§ Required work
Skip the images and return the records below exactly.

◆ ◆ ◆ ◆ ◆ ◆ ◆

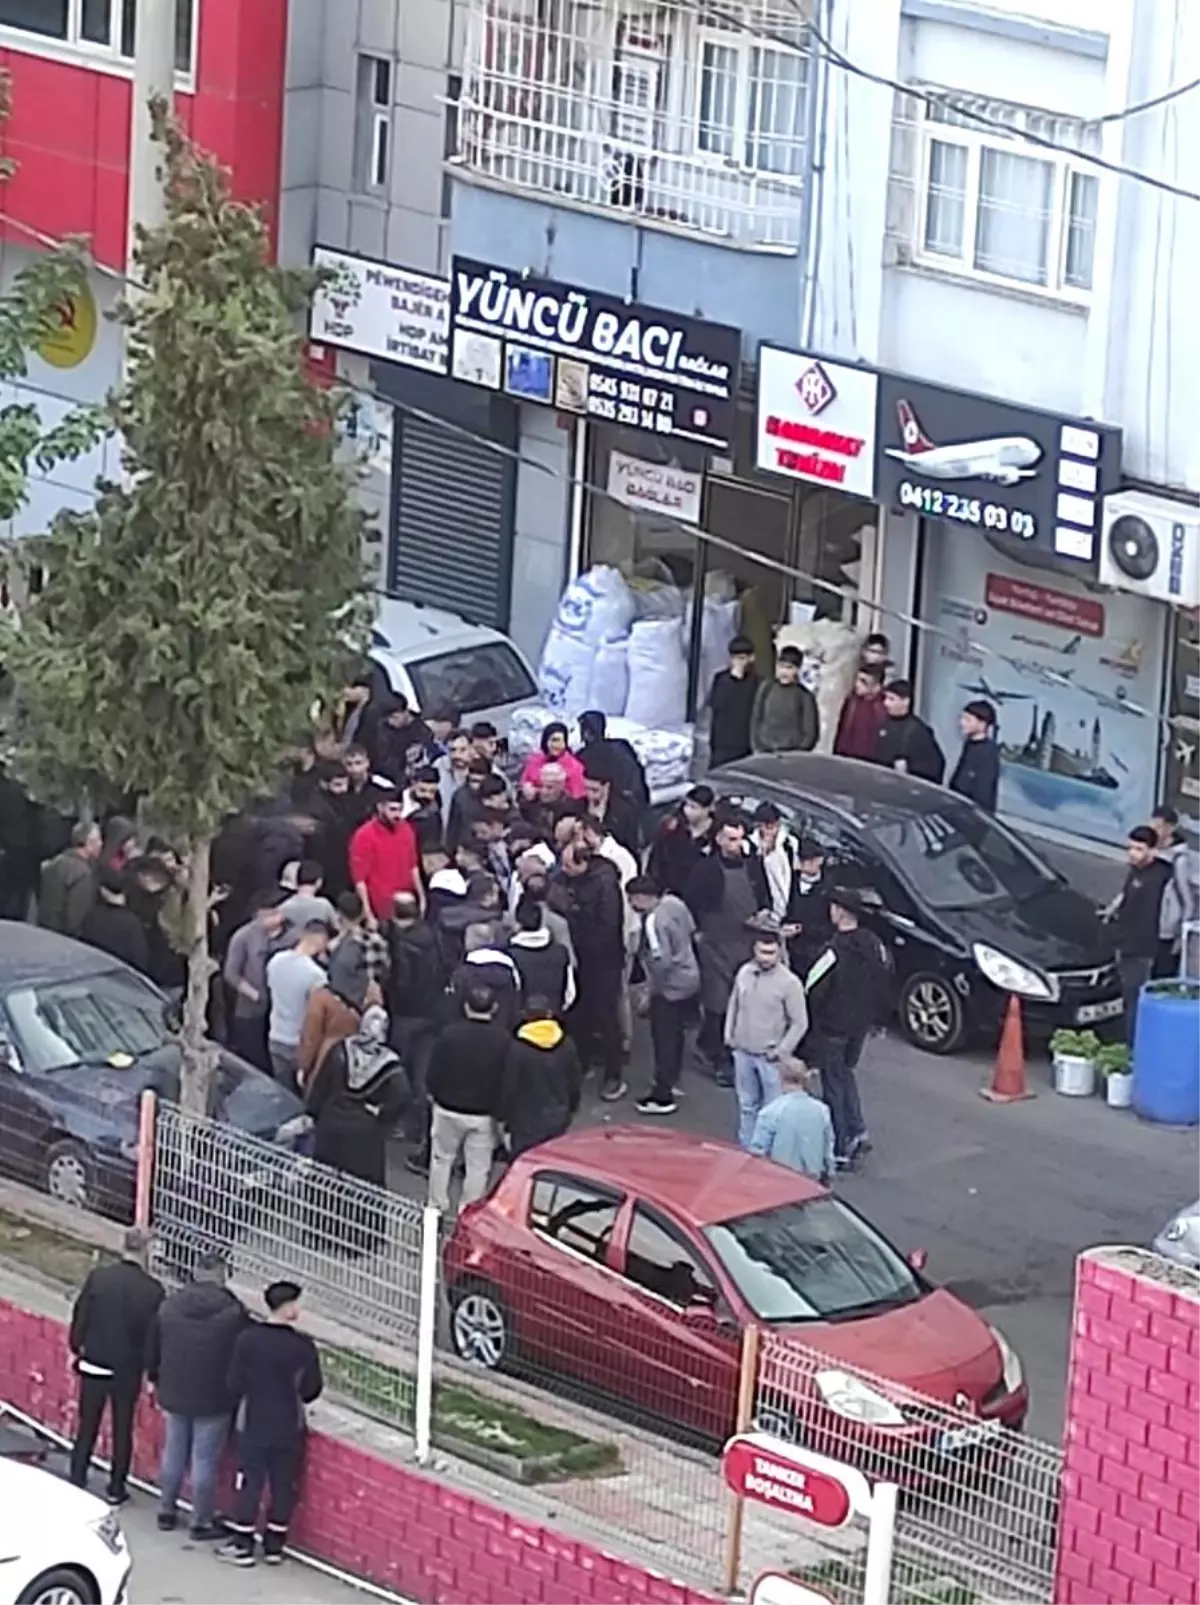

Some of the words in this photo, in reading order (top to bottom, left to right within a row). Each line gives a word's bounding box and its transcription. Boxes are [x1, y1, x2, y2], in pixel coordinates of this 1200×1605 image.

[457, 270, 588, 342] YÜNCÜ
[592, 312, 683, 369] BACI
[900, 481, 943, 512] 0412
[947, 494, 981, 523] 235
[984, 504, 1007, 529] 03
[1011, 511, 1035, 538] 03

◆ ◆ ◆ ◆ ◆ ◆ ◆

§ Output of the exercise
Some of the words in this photo, in reading order (top to bottom, left to right within a row). Each line gives a word's bounding box and its transcription. Boxes are [x1, y1, x2, y2], in pixel coordinates of this 1200×1605 image.

[457, 270, 588, 342] YÜNCÜ
[592, 312, 683, 369] BACI
[900, 481, 943, 512] 0412
[947, 494, 981, 523] 235
[984, 504, 1007, 529] 03
[1011, 511, 1035, 538] 03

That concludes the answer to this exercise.